To a solution of benzylic alcohol (1eq) in dichloromethane was added manganese dioxyde (12eq) at 20°C under argon. The mixture was then stirred for 24h.The reaction mixture was filtered through silica gel. The solvent was removed under pressure. The residue was purified by flash chromatography using cyclohexane and ethyl acetate as the eluents.

E - General TPAP/NMO oxidation procedure:

Tetrapropylammonium perruthenate and N-methylmorpholine-N-oxide were added to a solution of alcohol in CH2Cl2 at 20°C, under argon. The mixture was stirred at 20°C during 2h. Water was added then the aqueous layer was extracted with EtOAc. The combined organic layers were washed with a solution of HCl 1N and dried over MgSO4, filtered, and

evaporated under vacuum. The residue was purified by flash chromatography using cyclohexane and ethyl acetate as the eluents.

F - General Grignard addition procedure:

A solution of Grignard reagent (3eq) was added dropwise to a solution of aldehyde in THF at -78°C, under argon. The mixture was stirred at -78°C and was then allowed to warm up to 20°C for 1 to 5h. A saturated aq. solution of NH4Cl was added, the aqueous layer was extracted with EtOAc. The combined organic layers were washed with brine and dried over MgSO4, filtered, and evaporated under vacuum. The resulting mixture was purified by flash chromatography using cyclohexane and ethyl acetate as the eluents.

G - General cyclodehydratation procedure:

A solution of HF (48 to 51% aq) was added to a solution of compound in CH3CN at 20°C, and the mixture was stirred for 48h. It was cautiously poured into a saturated aq. solution of NaHCO3 and the aqueous layer was extracted with EtOAc. The combined organic layers were dried over MgSO4 and evaporated under vacuum. The resulting mixture was purified by flash chromatography using cyclohexane and ethyl acetate as the eluents.

H - General procedure for ammonium salts synthesis:

Hydrogen chloride (1M in ether) was added to a solution of dibenzoxepine in ether at 20°C and the mixture was stirred for 1h. The solvent was removed under pressure then the solid was washed with cyclohexane.

I - General procedure for 1,3-allylic rearrangement with TFA:

To a solution of benzylic alcohol in dichloromethane (0.5 M) à 0°C under inert atmosphere, a solution of trifluoroacetic acid (2eq) in dichloromethane (1 M) was added. The mixture was stirred at 0°C for 15-30min. An aq. solution of NaOH 15% was added, the aqueous layer was extracted with EtOAc. The combined organic layers were washed with brine and dried over MgSO4, filtered, and evaporated under vacuum.

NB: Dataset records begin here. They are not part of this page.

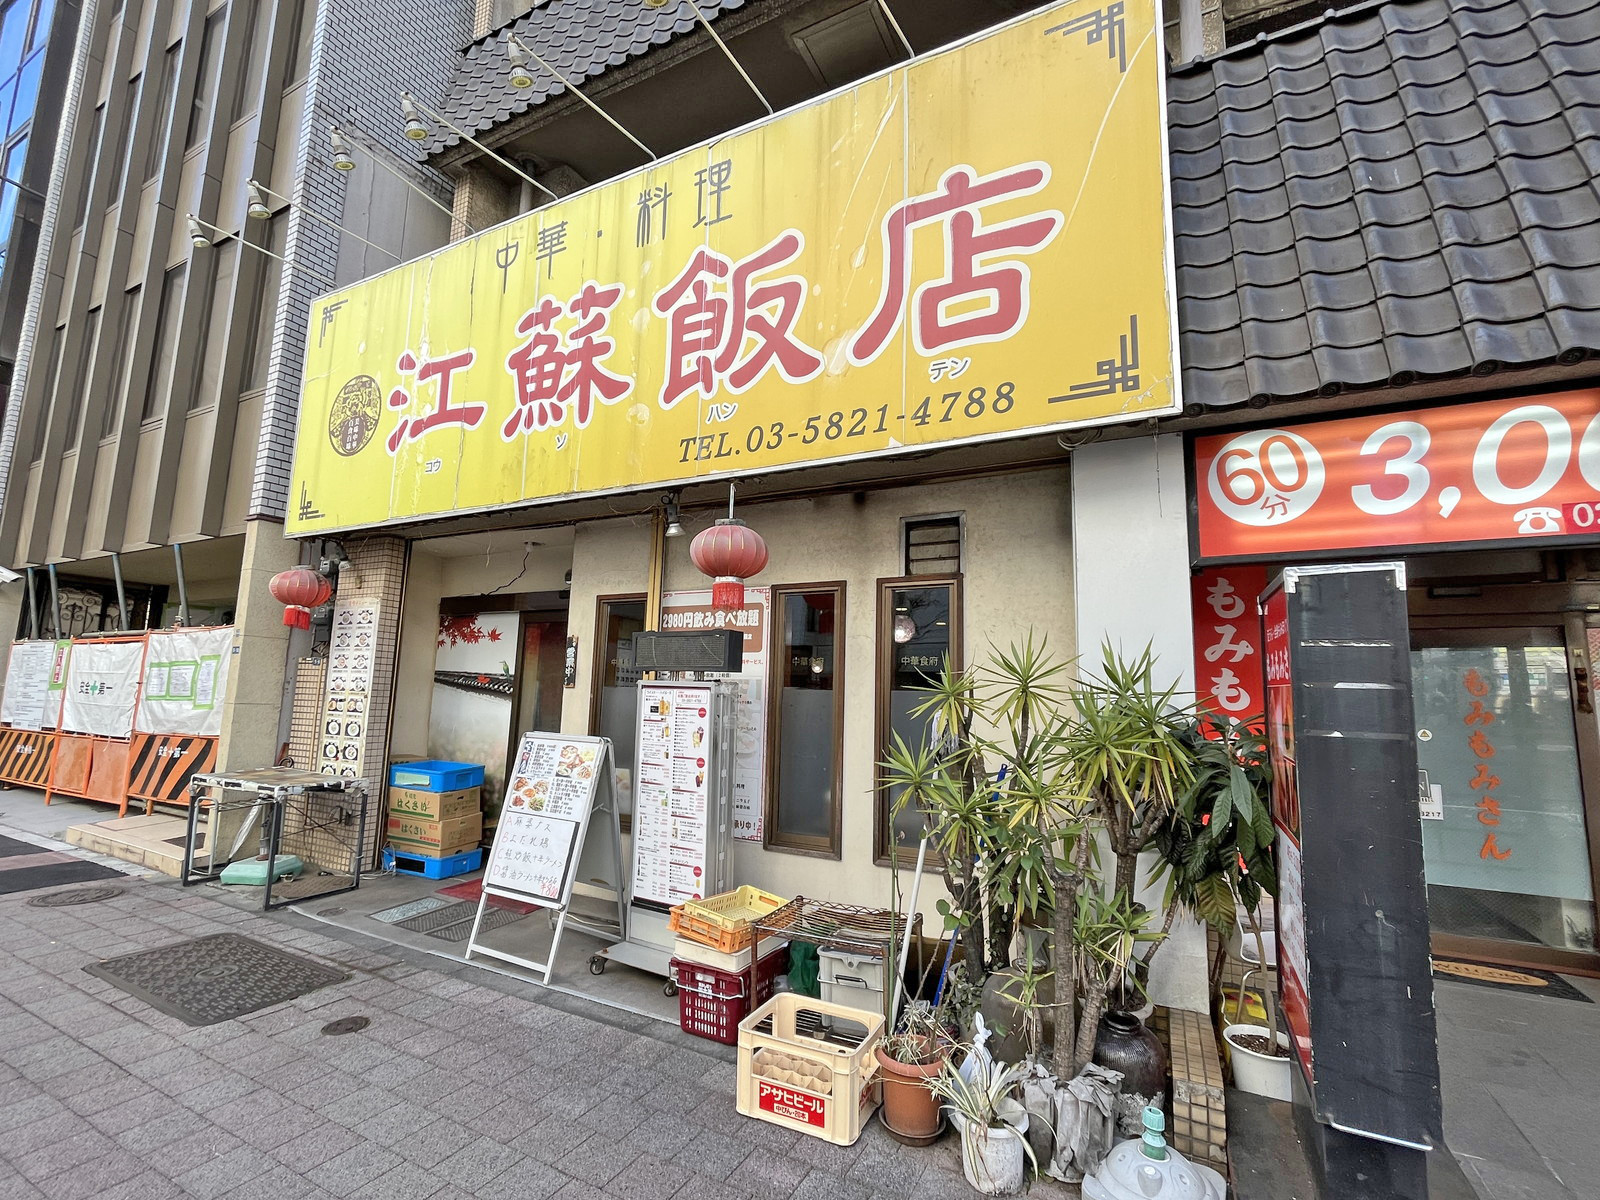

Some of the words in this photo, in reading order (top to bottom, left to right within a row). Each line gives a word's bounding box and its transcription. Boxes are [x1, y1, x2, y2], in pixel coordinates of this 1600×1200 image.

[388, 164, 1060, 455] 江蘇飯店
[929, 357, 971, 382] テン
[705, 403, 738, 424] ハン
[424, 458, 442, 474] コウ
[1351, 405, 1600, 519] 3,0
[1572, 502, 1600, 528] 0
[662, 609, 760, 629] 2980円飲み食べ放題
[901, 655, 939, 667] 中華食府
[1463, 667, 1512, 860] もみもみさん
[760, 1083, 824, 1114] アサヒビール
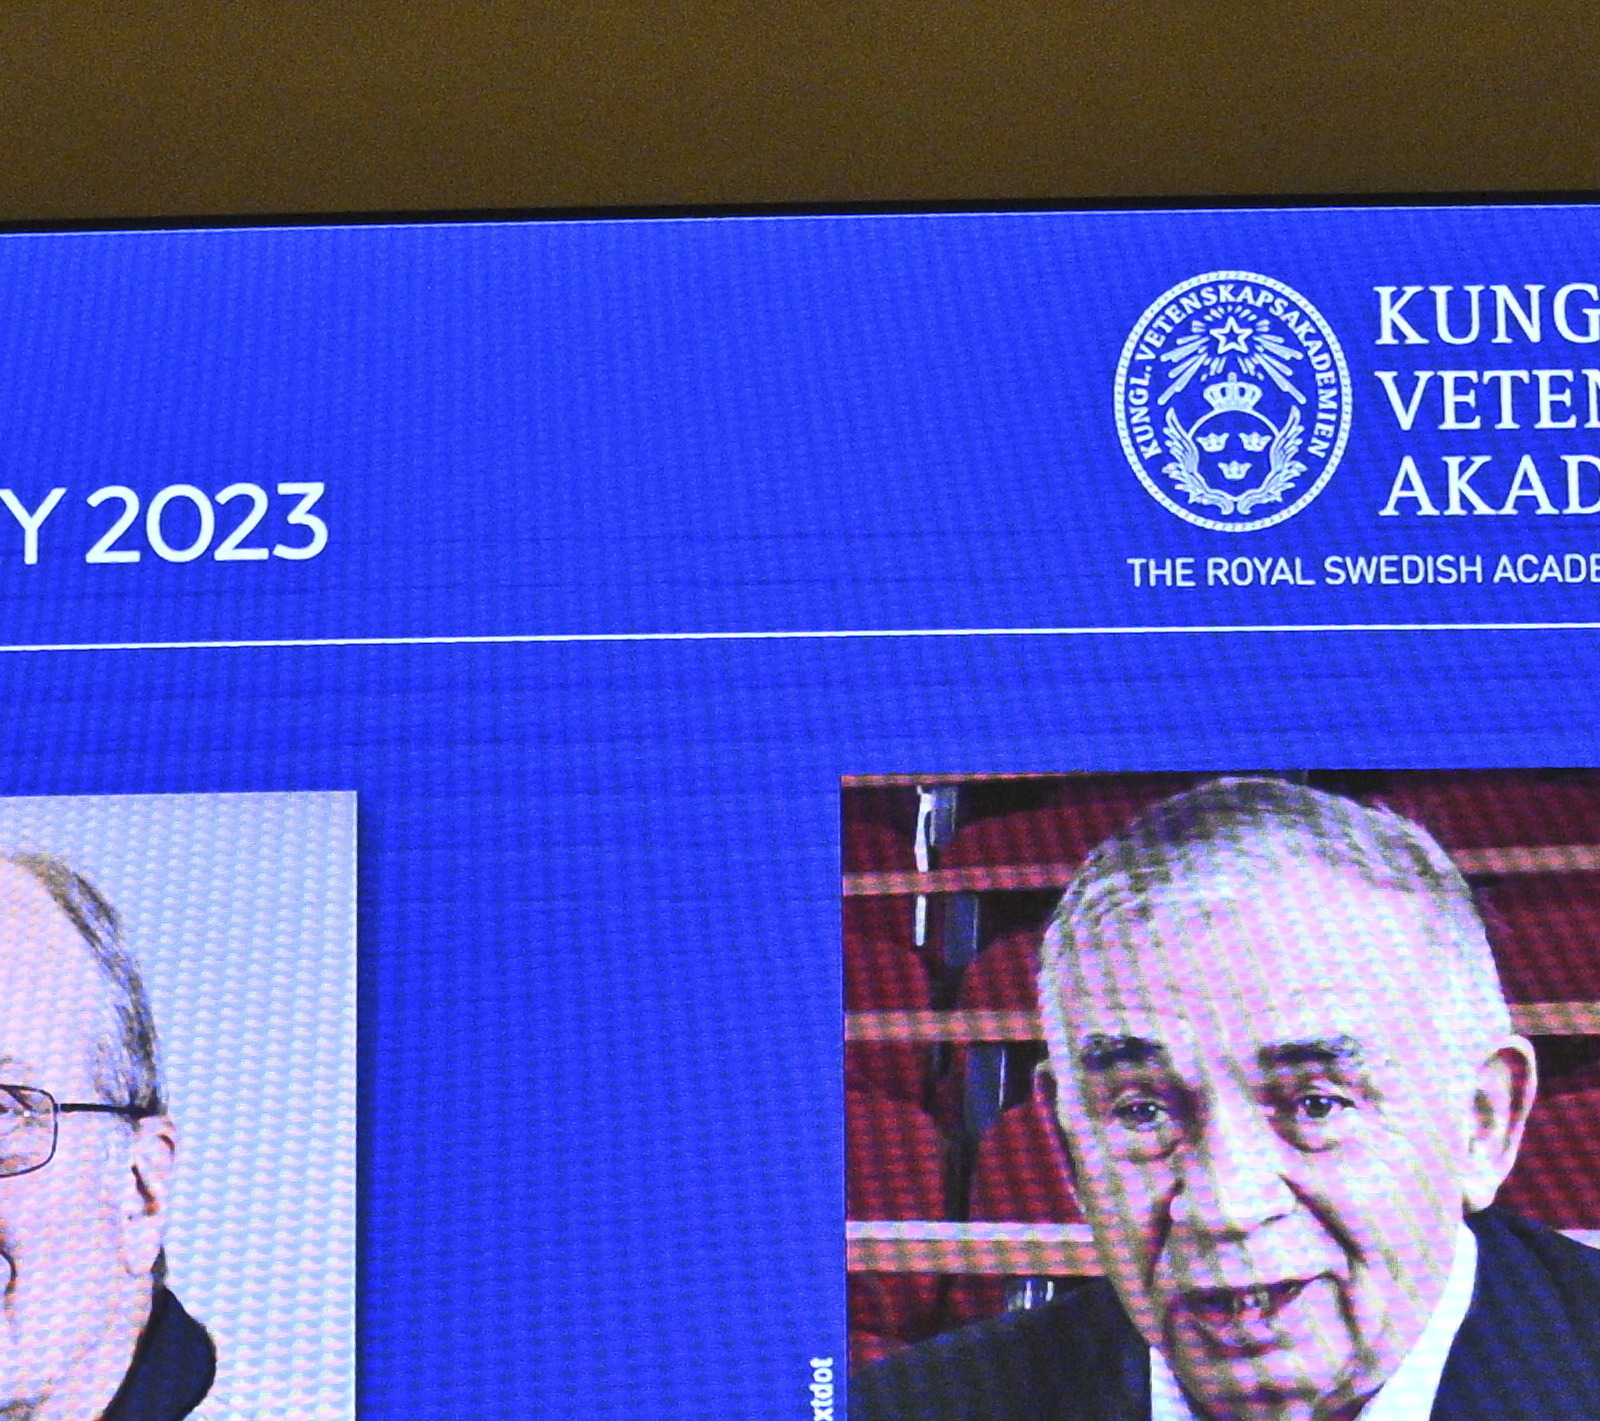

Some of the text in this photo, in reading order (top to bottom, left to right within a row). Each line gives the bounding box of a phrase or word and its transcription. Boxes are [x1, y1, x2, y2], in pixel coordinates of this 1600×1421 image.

[1135, 284, 1338, 459] VETENSKAPSAKADEMIEN
[86, 483, 327, 563] 2023
[1127, 558, 1195, 586] THE
[1208, 557, 1315, 585] ROYAL
[1325, 555, 1482, 584] SWEDISH

J - General procedure for 1,3-allylic rearrangement with chiral Brønsted acid:

To a solution of benzylic alcohol in solvent à 0°C under inert atmosphere, phosphonate acid was added. The mixture was stirred at 0°C for 4-48h. An aq. solution of NaOH 15% was added, the aqueous layer was extracted with EtOAc. The combined organic layers were washed with brine and dried over MgSO4, filtered, and evaporated under vacuum.